═══ RECORDS TO PROCESS ═══

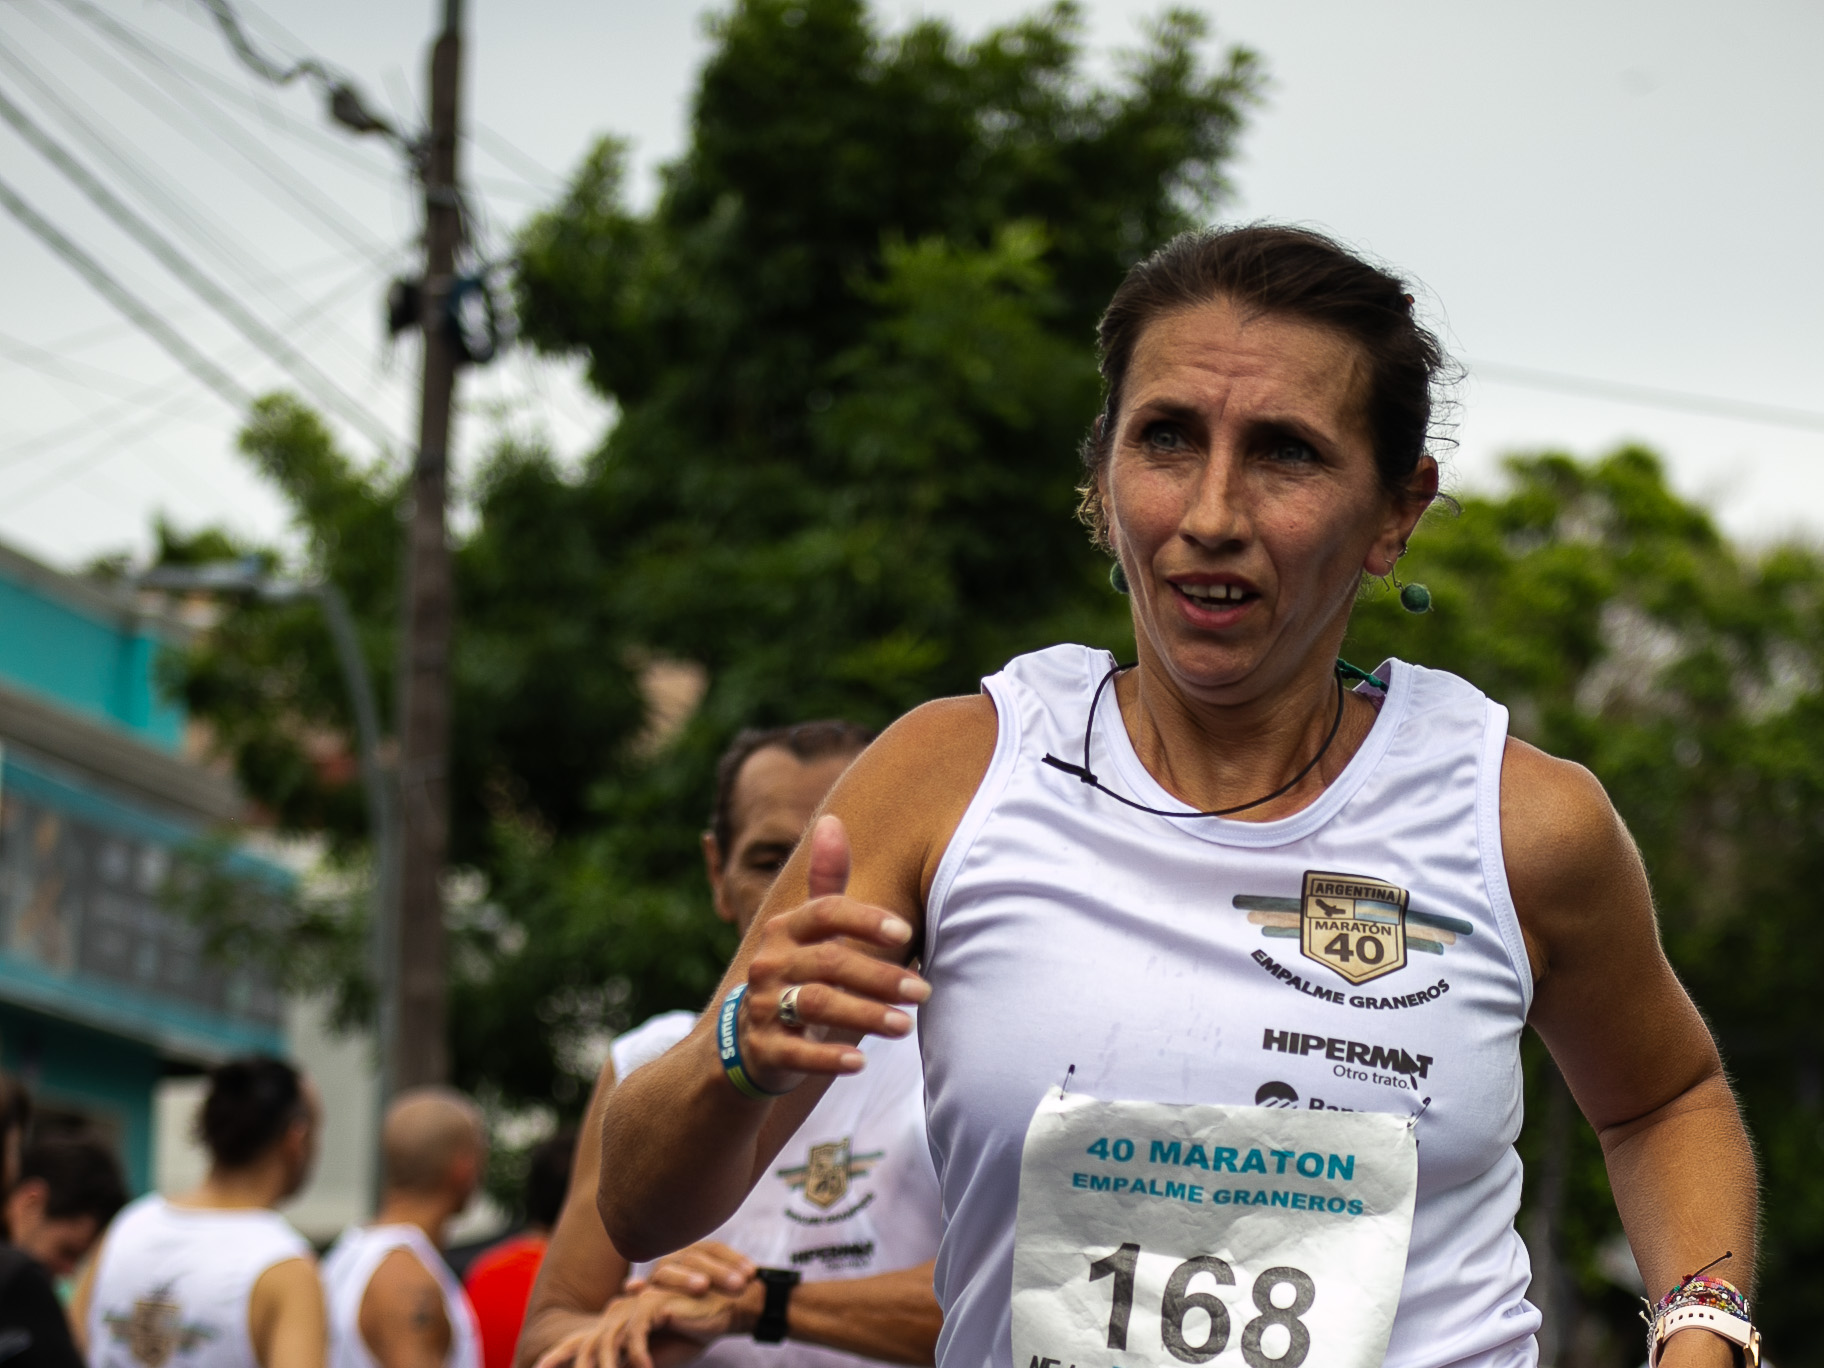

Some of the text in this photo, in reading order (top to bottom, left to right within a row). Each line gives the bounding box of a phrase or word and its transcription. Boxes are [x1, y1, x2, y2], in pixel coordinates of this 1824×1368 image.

[1315, 883, 1395, 902] ARGENTINA
[1315, 921, 1392, 936] MARATÓN
[1324, 933, 1384, 965] 40
[1251, 949, 1450, 1010] EMPALME GRANEROS
[1333, 1064, 1368, 1082] Otro
[1086, 1138, 1355, 1181] 40 MARATON
[1072, 1173, 1364, 1216] EMPALME GRANEROS

═══

#### EXERCISE GOAL:
Except for the pictures, give all the material above again verbatim.

#### TASK RESPONSE:
Some of the text in this photo, in reading order (top to bottom, left to right within a row). Each line gives the bounding box of a phrase or word and its transcription. Boxes are [x1, y1, x2, y2], in pixel coordinates of this 1824×1368 image.

[1315, 883, 1395, 902] ARGENTINA
[1315, 921, 1392, 936] MARATÓN
[1324, 933, 1384, 965] 40
[1251, 949, 1450, 1010] EMPALME GRANEROS
[1333, 1064, 1368, 1082] Otro
[1086, 1138, 1355, 1181] 40 MARATON
[1072, 1173, 1364, 1216] EMPALME GRANEROS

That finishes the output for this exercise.